Exercise details:
Your copy should match the records exactly, except that no pictures appear in it.
= = =
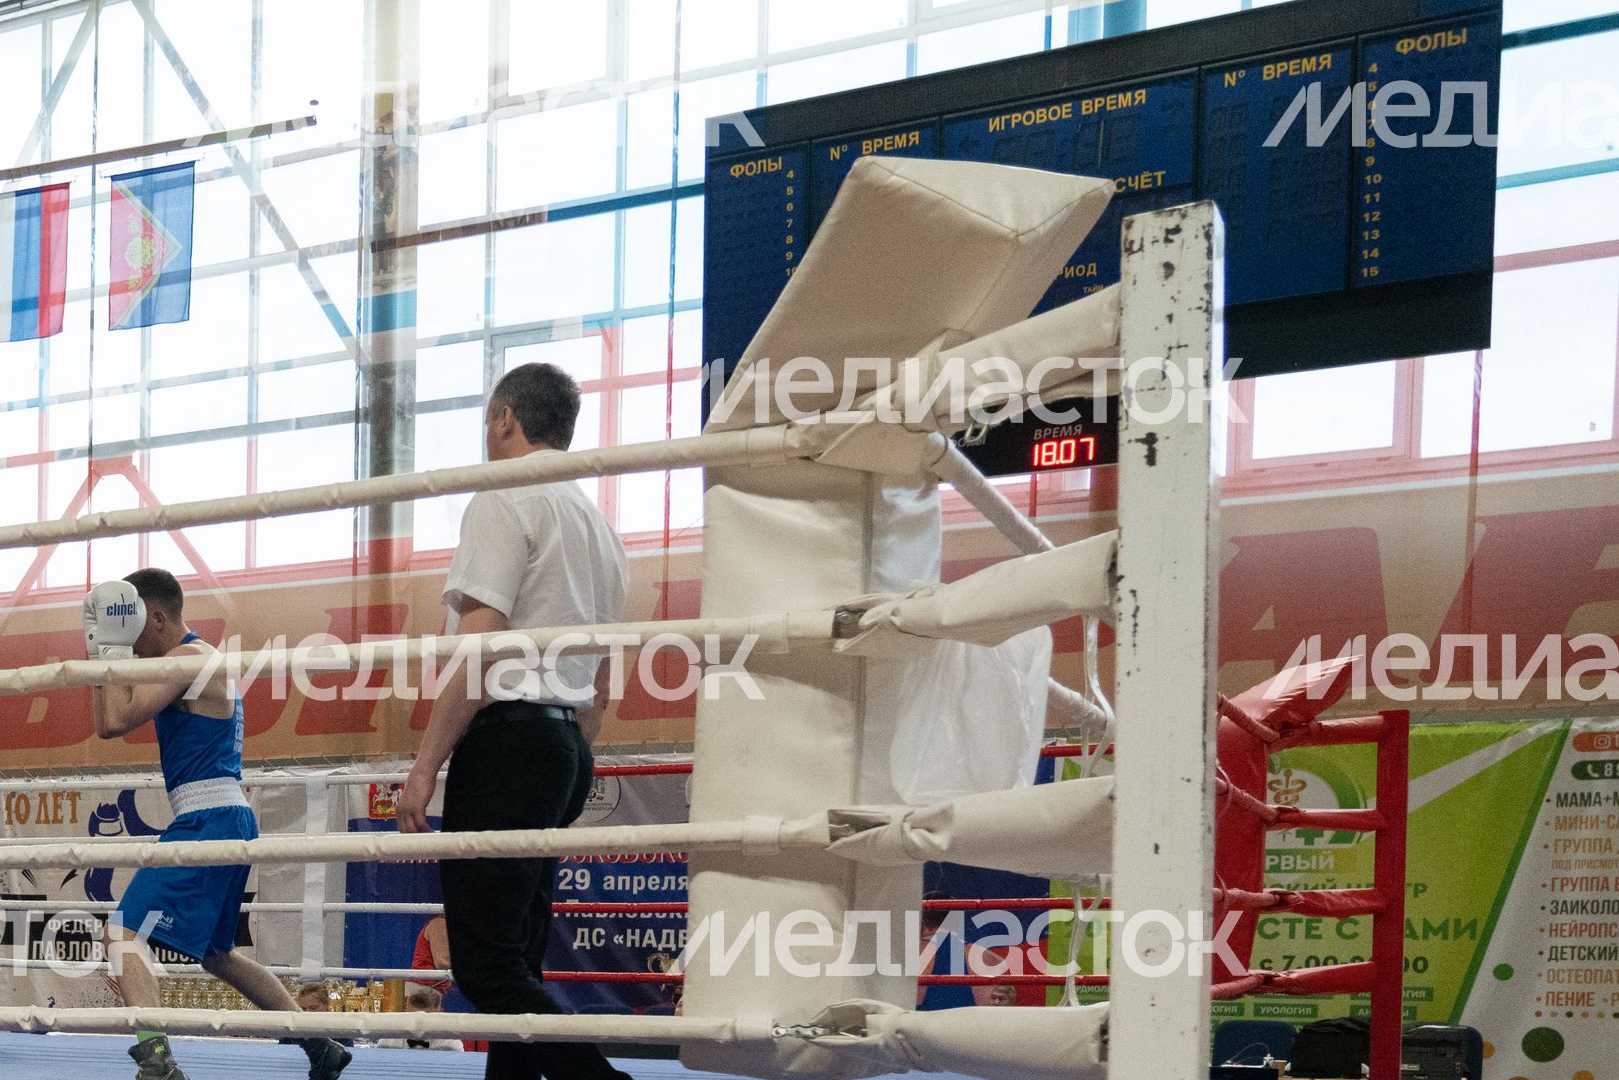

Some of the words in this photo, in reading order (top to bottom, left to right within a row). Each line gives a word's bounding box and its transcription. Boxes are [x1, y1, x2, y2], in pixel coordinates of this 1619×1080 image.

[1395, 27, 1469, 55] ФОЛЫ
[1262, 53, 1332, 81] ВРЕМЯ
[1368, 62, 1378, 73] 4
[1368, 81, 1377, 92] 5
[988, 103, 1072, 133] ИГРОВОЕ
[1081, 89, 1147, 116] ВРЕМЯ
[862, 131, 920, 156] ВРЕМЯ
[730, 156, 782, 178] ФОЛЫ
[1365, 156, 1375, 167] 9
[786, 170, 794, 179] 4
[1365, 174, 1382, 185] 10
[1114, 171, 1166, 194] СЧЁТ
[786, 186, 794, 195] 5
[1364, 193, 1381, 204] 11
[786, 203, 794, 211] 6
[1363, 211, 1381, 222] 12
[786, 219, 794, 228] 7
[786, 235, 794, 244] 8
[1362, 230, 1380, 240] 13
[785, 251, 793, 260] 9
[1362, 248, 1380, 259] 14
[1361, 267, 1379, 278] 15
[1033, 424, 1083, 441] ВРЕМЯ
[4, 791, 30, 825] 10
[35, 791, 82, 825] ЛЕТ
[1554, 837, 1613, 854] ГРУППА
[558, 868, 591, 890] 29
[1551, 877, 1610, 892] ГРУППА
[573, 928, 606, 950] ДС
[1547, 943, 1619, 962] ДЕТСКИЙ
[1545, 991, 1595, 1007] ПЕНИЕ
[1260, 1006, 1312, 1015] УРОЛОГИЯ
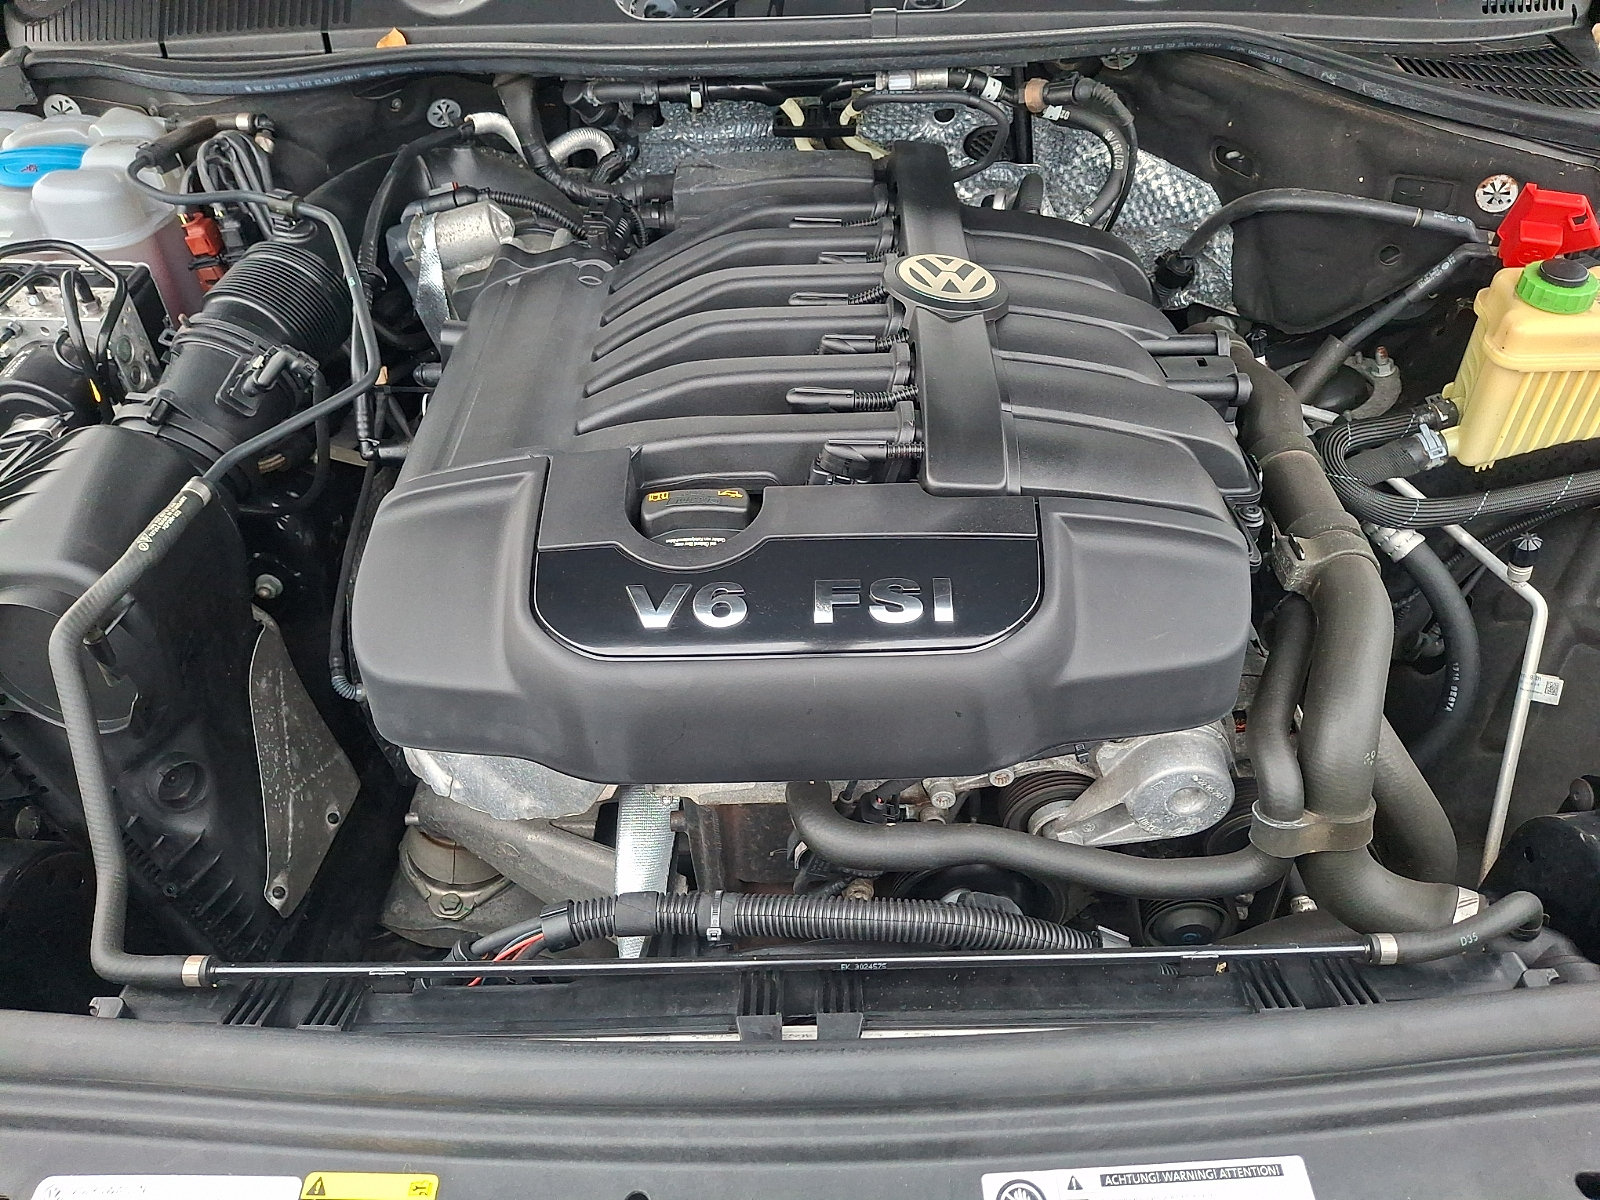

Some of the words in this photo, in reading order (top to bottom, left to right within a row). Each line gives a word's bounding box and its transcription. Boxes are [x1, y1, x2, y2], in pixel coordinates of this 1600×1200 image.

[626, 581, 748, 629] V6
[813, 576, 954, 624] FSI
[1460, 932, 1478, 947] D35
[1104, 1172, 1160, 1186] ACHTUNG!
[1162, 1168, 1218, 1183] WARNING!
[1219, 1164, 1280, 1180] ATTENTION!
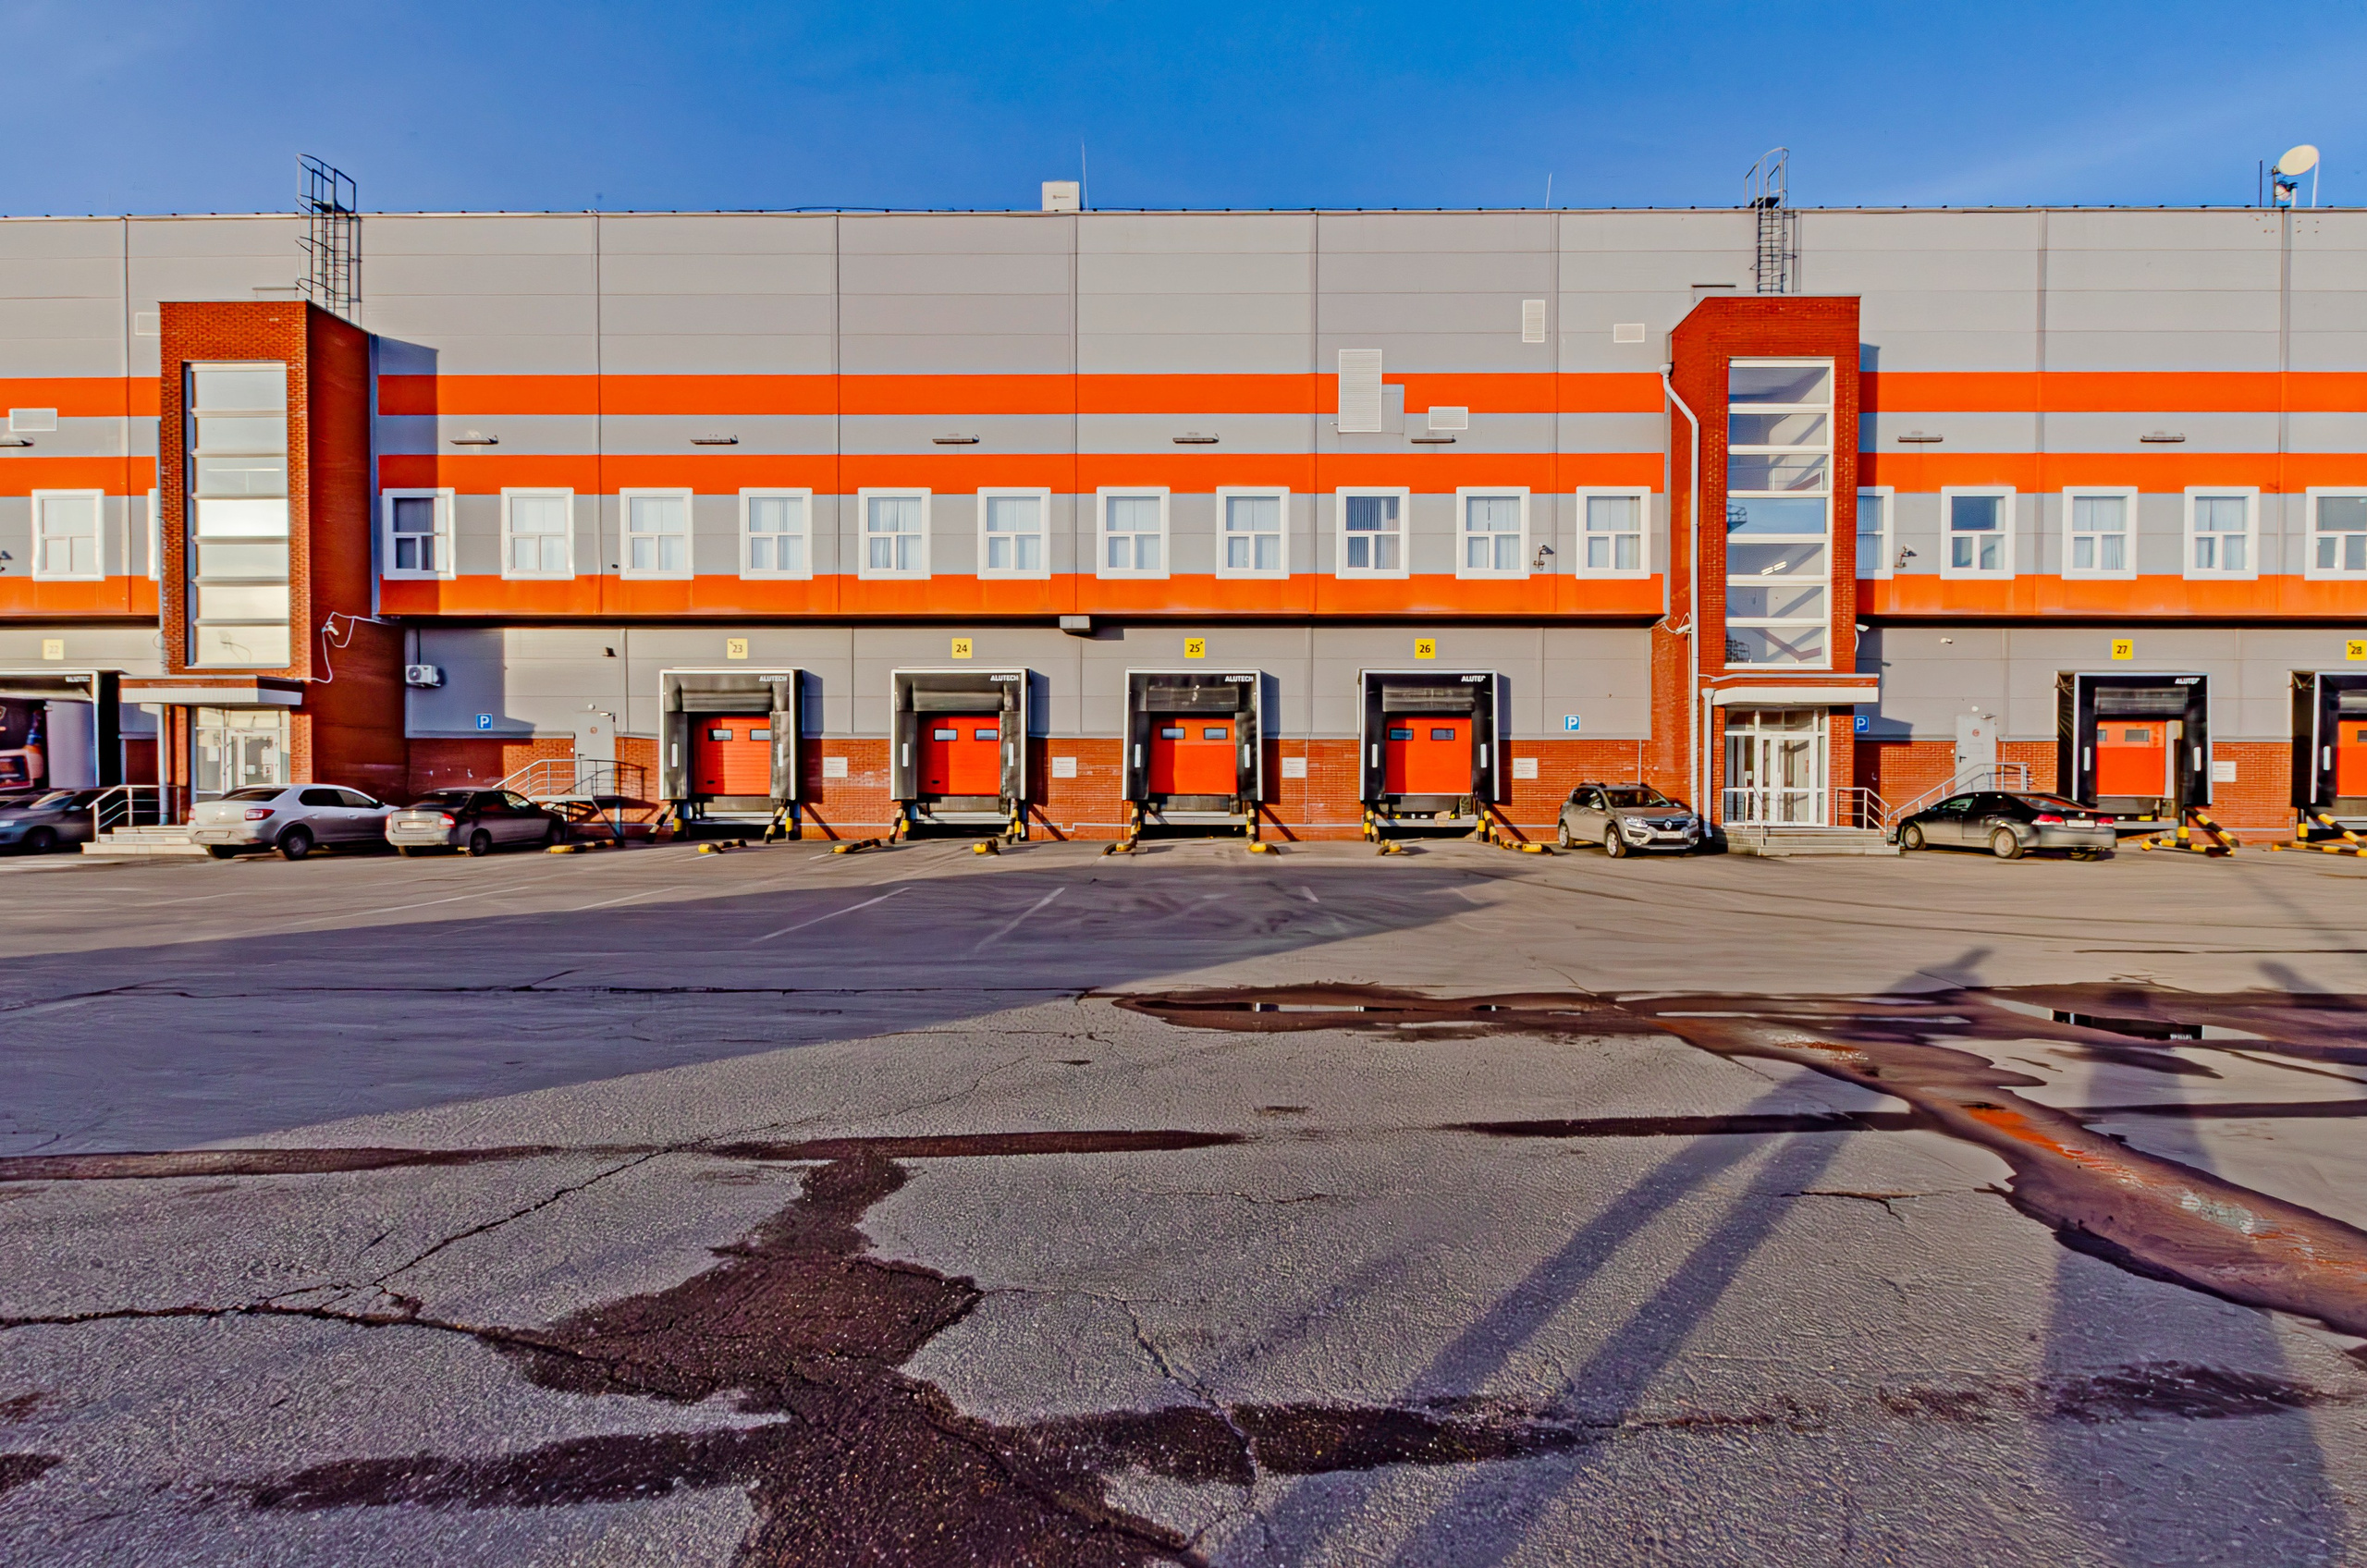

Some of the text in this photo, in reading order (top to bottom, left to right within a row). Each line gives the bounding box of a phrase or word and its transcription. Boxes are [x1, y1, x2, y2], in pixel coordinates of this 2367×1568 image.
= = =
Answer space:
Some of the words in this photo, in reading order (top to bottom, left to right within a row). Each line gives a word's bounding box and its transcription. Boxes are [x1, y1, x2, y2], in pixel coordinates of this 1619×1080 image.

[1395, 27, 1469, 55] ФОЛЫ
[1262, 53, 1332, 81] ВРЕМЯ
[1368, 62, 1378, 73] 4
[1368, 81, 1377, 92] 5
[988, 103, 1072, 133] ИГРОВОЕ
[1081, 89, 1147, 116] ВРЕМЯ
[862, 131, 920, 156] ВРЕМЯ
[730, 156, 782, 178] ФОЛЫ
[1365, 156, 1375, 167] 9
[786, 170, 794, 179] 4
[1365, 174, 1382, 185] 10
[1114, 171, 1166, 194] СЧЁТ
[786, 186, 794, 195] 5
[1364, 193, 1381, 204] 11
[786, 203, 794, 211] 6
[1363, 211, 1381, 222] 12
[786, 219, 794, 228] 7
[786, 235, 794, 244] 8
[1362, 230, 1380, 240] 13
[785, 251, 793, 260] 9
[1362, 248, 1380, 259] 14
[1361, 267, 1379, 278] 15
[1033, 424, 1083, 441] ВРЕМЯ
[4, 791, 30, 825] 10
[35, 791, 82, 825] ЛЕТ
[1554, 837, 1613, 854] ГРУППА
[558, 868, 591, 890] 29
[1551, 877, 1610, 892] ГРУППА
[573, 928, 606, 950] ДС
[1547, 943, 1619, 962] ДЕТСКИЙ
[1545, 991, 1595, 1007] ПЕНИЕ
[1260, 1006, 1312, 1015] УРОЛОГИЯ

Some of the words in this photo, in reading order (top to bottom, left to right within a row). Each line gives a word's bounding box and its transcription. Boxes are [x1, y1, x2, y2], in pixel coordinates of this 1600×1200 image.

[626, 581, 748, 629] V6
[813, 576, 954, 624] FSI
[1460, 932, 1478, 947] D35
[1104, 1172, 1160, 1186] ACHTUNG!
[1162, 1168, 1218, 1183] WARNING!
[1219, 1164, 1280, 1180] ATTENTION!

Some of the text in this photo, in reading order (top to bottom, left to right within a row). Each line gives the bounding box of a phrase or word and its transcription. Boxes are [x1, y1, x2, y2], in pixel coordinates of this 2367×1568 image.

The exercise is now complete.